**** Given data

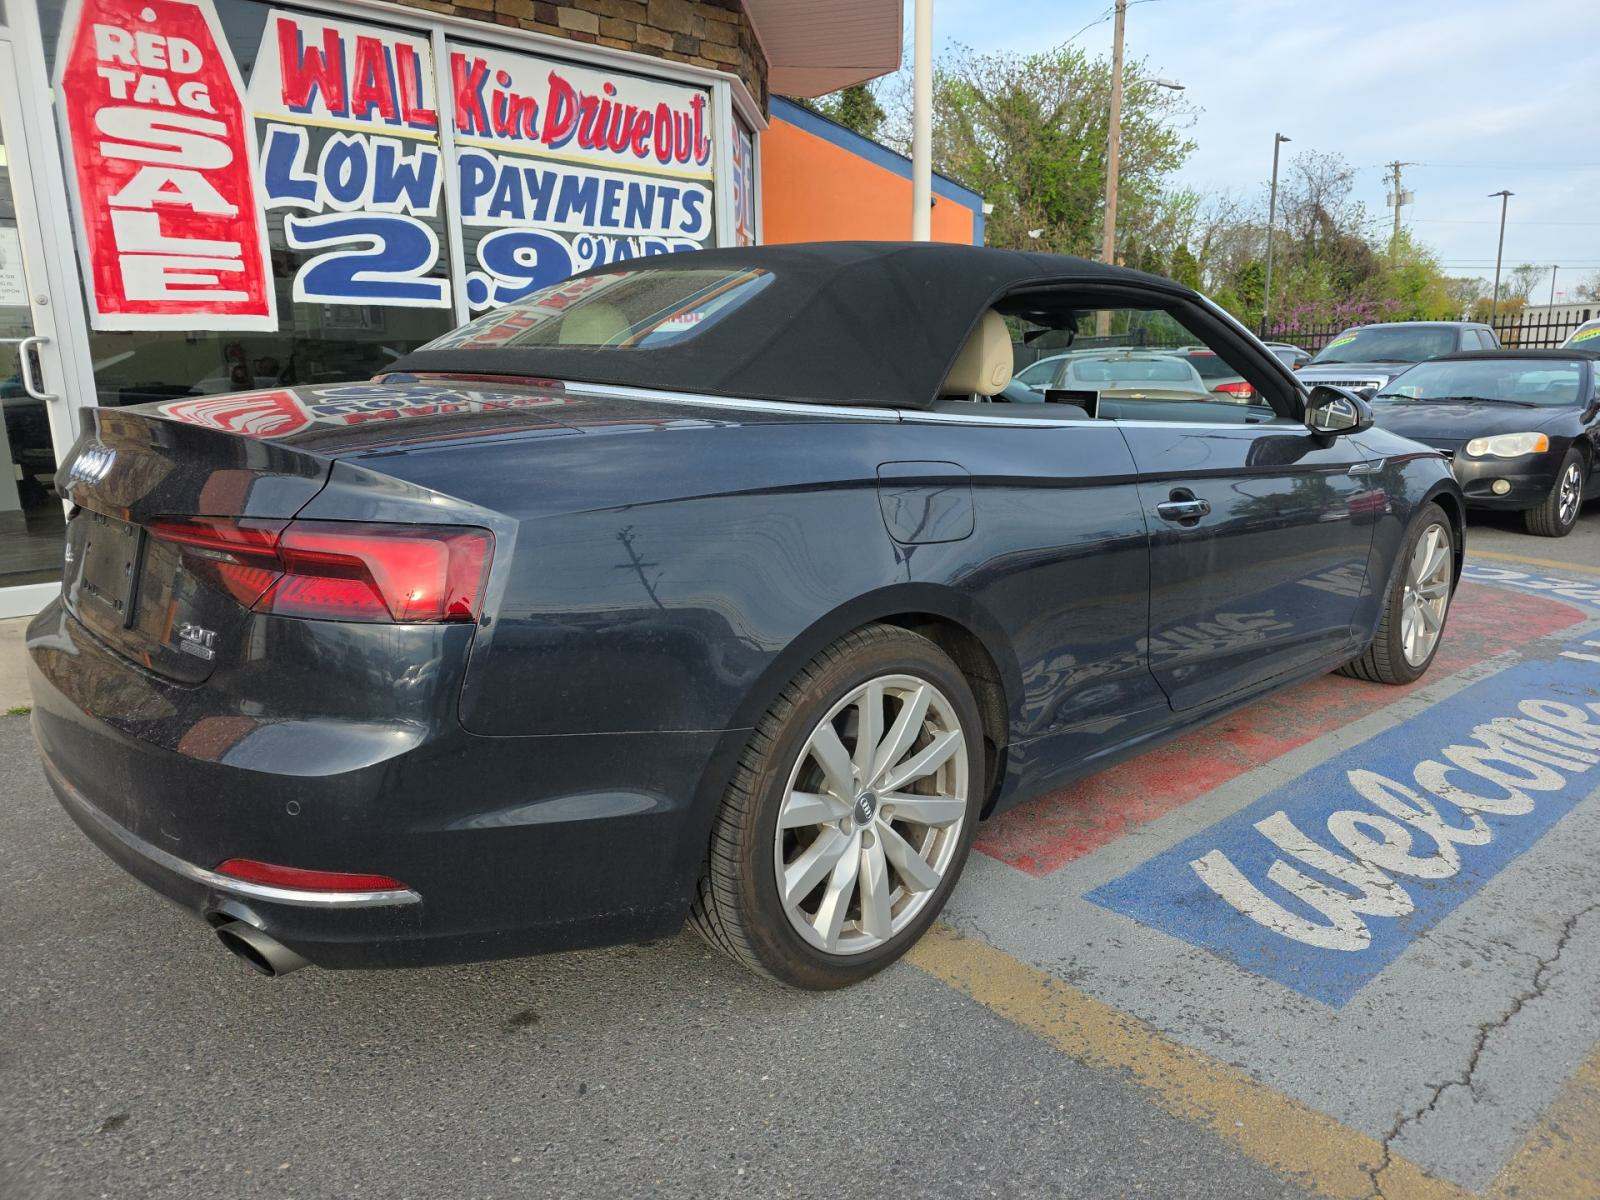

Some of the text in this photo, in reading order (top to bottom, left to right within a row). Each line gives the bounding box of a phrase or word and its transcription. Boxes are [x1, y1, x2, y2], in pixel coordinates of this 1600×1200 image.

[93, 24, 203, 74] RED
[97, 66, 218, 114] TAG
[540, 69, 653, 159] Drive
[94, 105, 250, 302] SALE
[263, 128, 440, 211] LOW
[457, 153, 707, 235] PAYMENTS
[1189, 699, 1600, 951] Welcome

********

# Assignment
Write out each line of the data exactly; the images should be left out.

# Task output
Some of the text in this photo, in reading order (top to bottom, left to right within a row). Each line gives the bounding box of a phrase or word and its transcription. Boxes are [x1, y1, x2, y2], in pixel coordinates of this 1600×1200 image.

[93, 24, 203, 74] RED
[97, 66, 218, 114] TAG
[540, 69, 653, 159] Drive
[94, 105, 250, 302] SALE
[263, 128, 440, 211] LOW
[457, 153, 707, 235] PAYMENTS
[1189, 699, 1600, 951] Welcome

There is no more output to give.